THE PROBLEM: Could you restate the entries below word for word and leave out the pictures?

(Annotated photo localization data)
------------------------------------------------
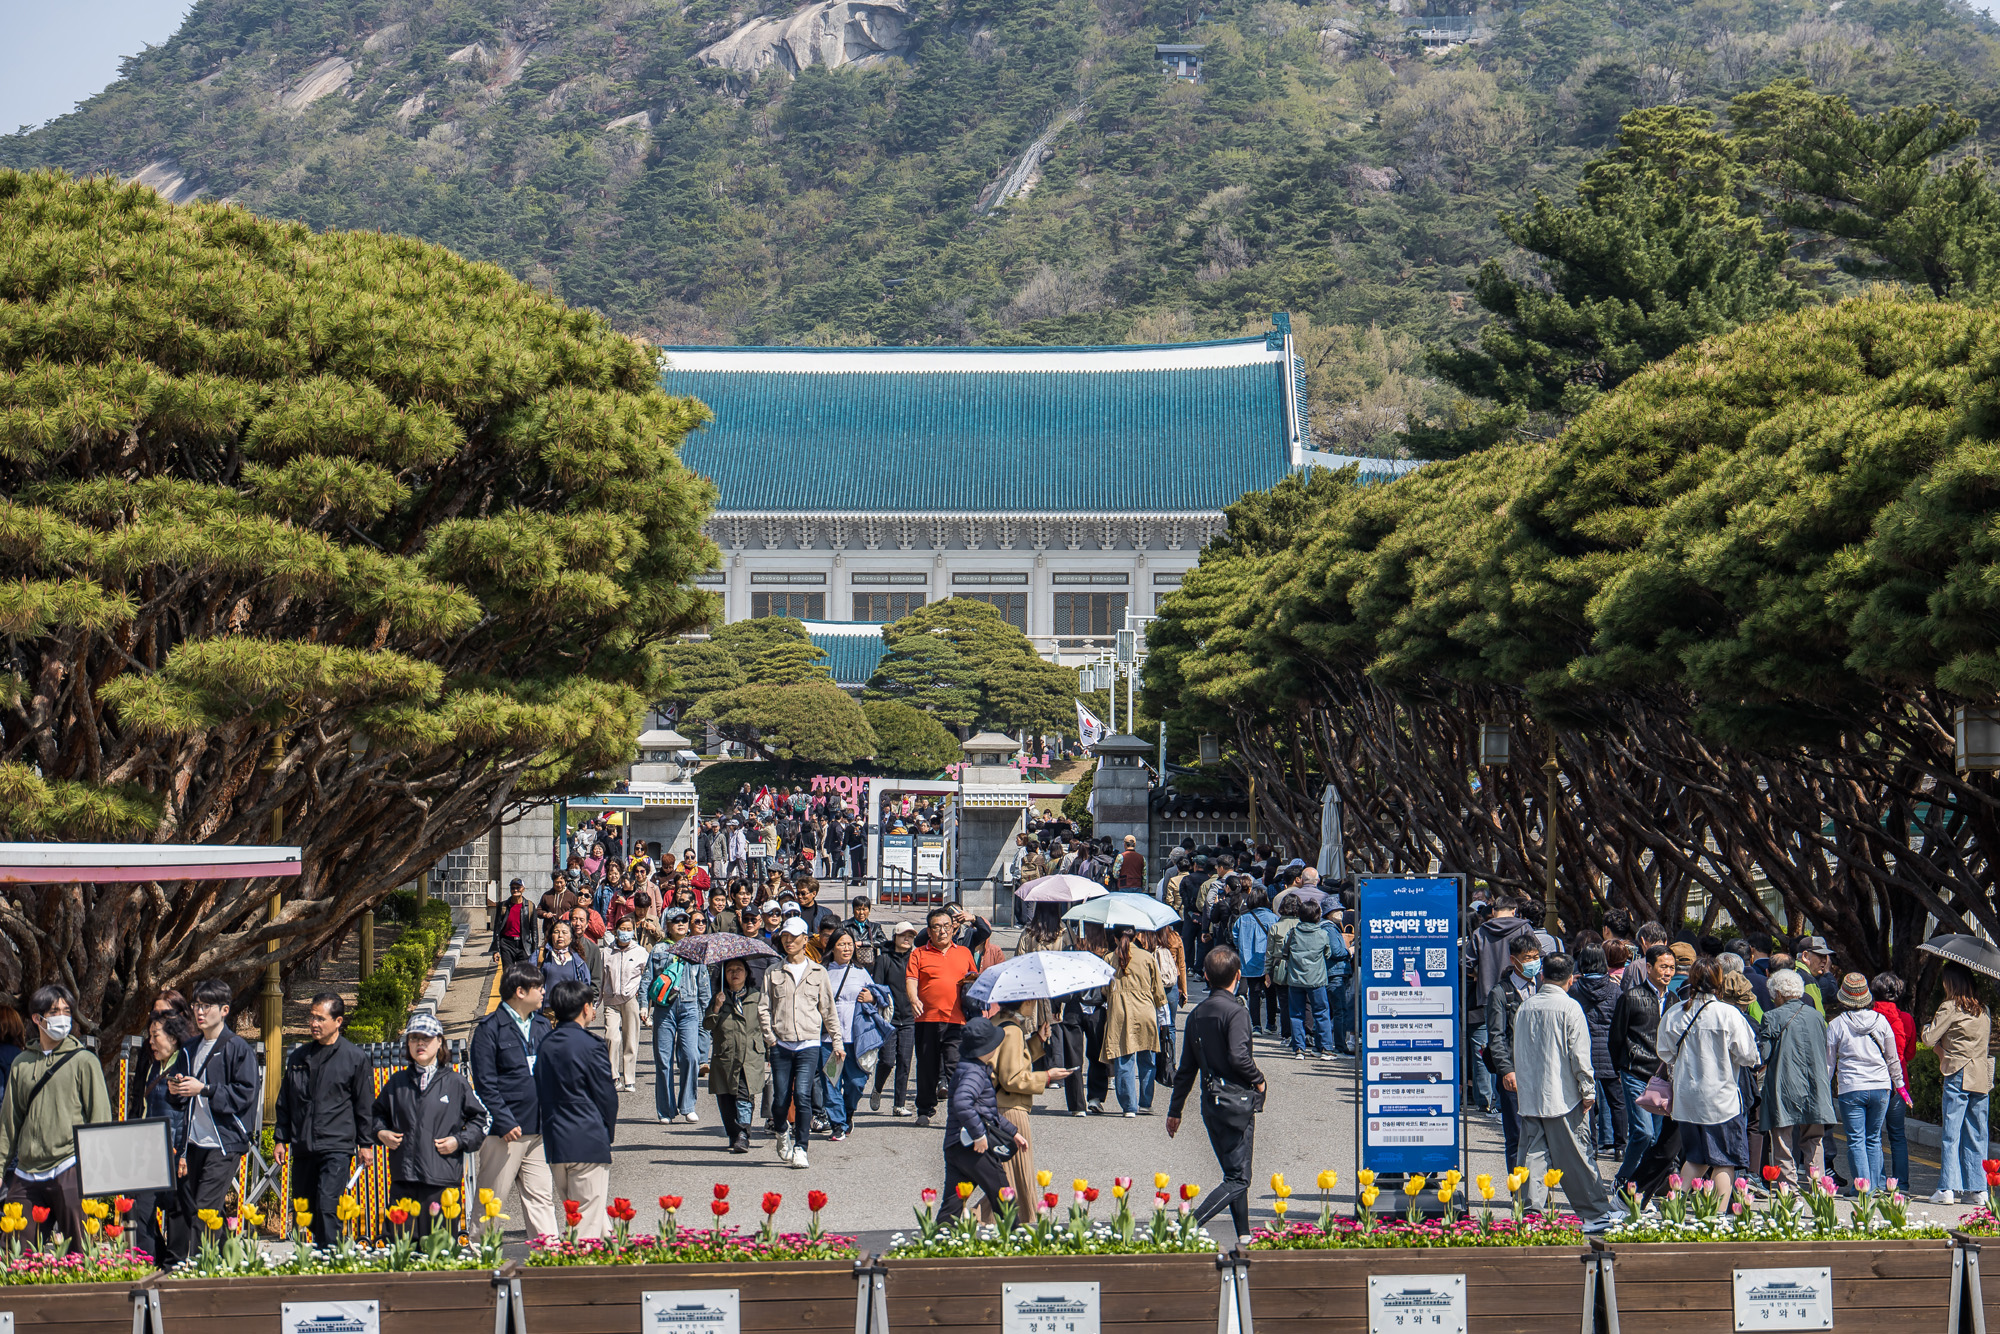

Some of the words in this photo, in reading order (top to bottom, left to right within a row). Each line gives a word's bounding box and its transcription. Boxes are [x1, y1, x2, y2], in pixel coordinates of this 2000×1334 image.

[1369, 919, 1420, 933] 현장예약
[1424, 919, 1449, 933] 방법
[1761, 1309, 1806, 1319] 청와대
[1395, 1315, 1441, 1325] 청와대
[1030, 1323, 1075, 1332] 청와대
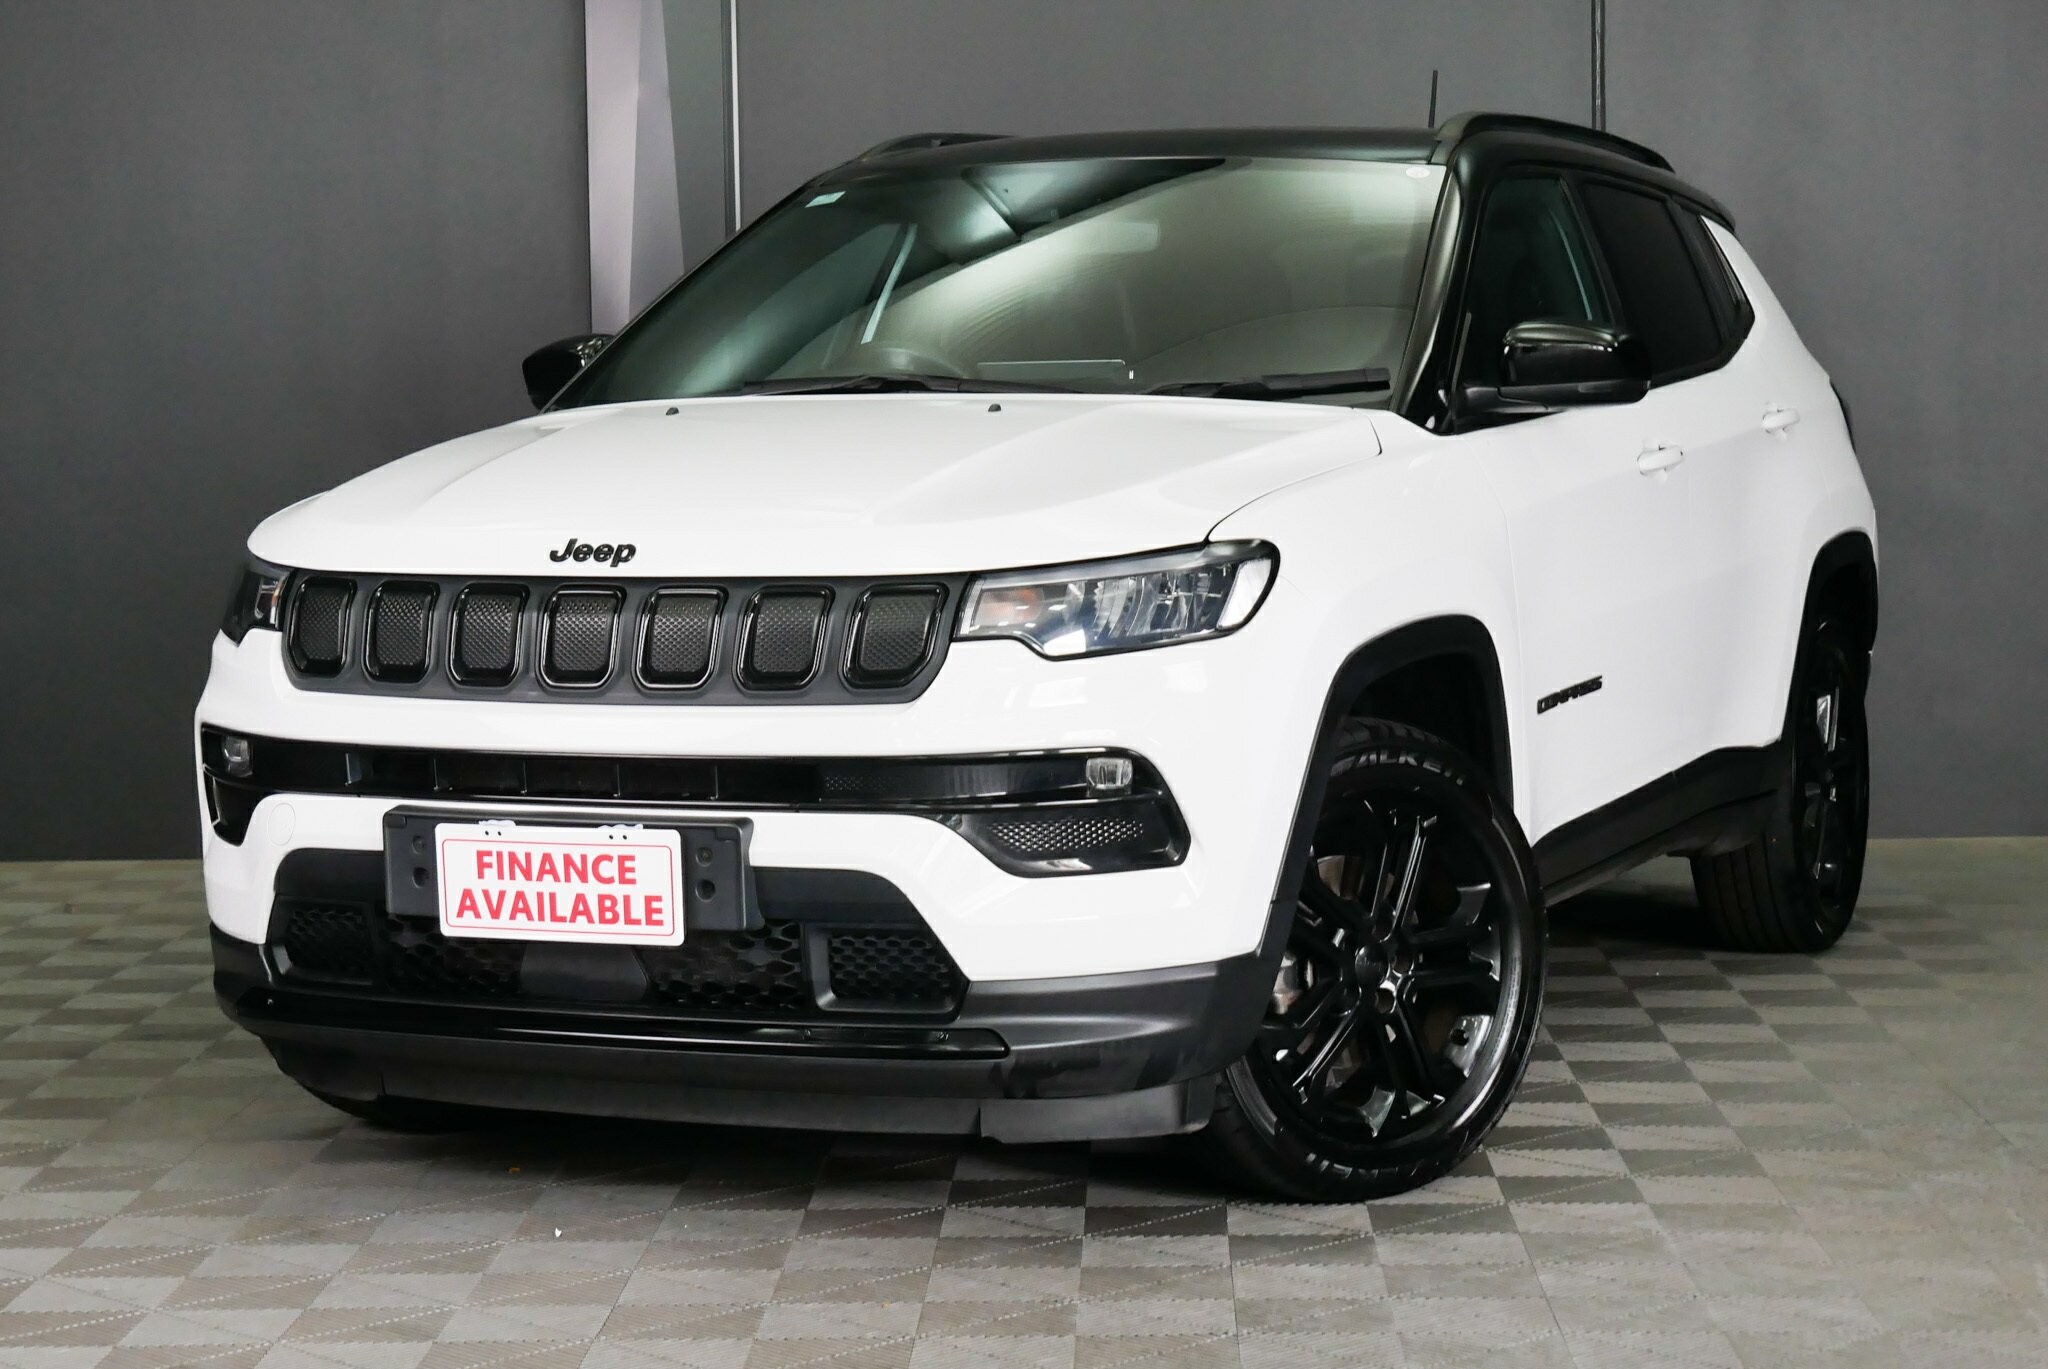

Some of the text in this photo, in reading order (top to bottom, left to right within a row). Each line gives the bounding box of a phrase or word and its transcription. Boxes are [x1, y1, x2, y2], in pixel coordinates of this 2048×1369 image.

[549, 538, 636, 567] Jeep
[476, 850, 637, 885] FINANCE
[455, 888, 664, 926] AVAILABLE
------------------------------------------------
TASK SOLUTION:
Some of the words in this photo, in reading order (top to bottom, left to right within a row). Each line gives a word's bounding box and its transcription. Boxes are [x1, y1, x2, y2], in pixel coordinates of this 2000×1334 image.

[1369, 919, 1420, 933] 현장예약
[1424, 919, 1449, 933] 방법
[1761, 1309, 1806, 1319] 청와대
[1395, 1315, 1441, 1325] 청와대
[1030, 1323, 1075, 1332] 청와대

Some of the text in this photo, in reading order (top to bottom, left to right within a row). Each line gives the bounding box of a phrase or word and its transcription. Boxes are [x1, y1, x2, y2], in pixel coordinates of this 2048×1369 image.

[549, 538, 636, 567] Jeep
[476, 850, 637, 885] FINANCE
[455, 888, 664, 926] AVAILABLE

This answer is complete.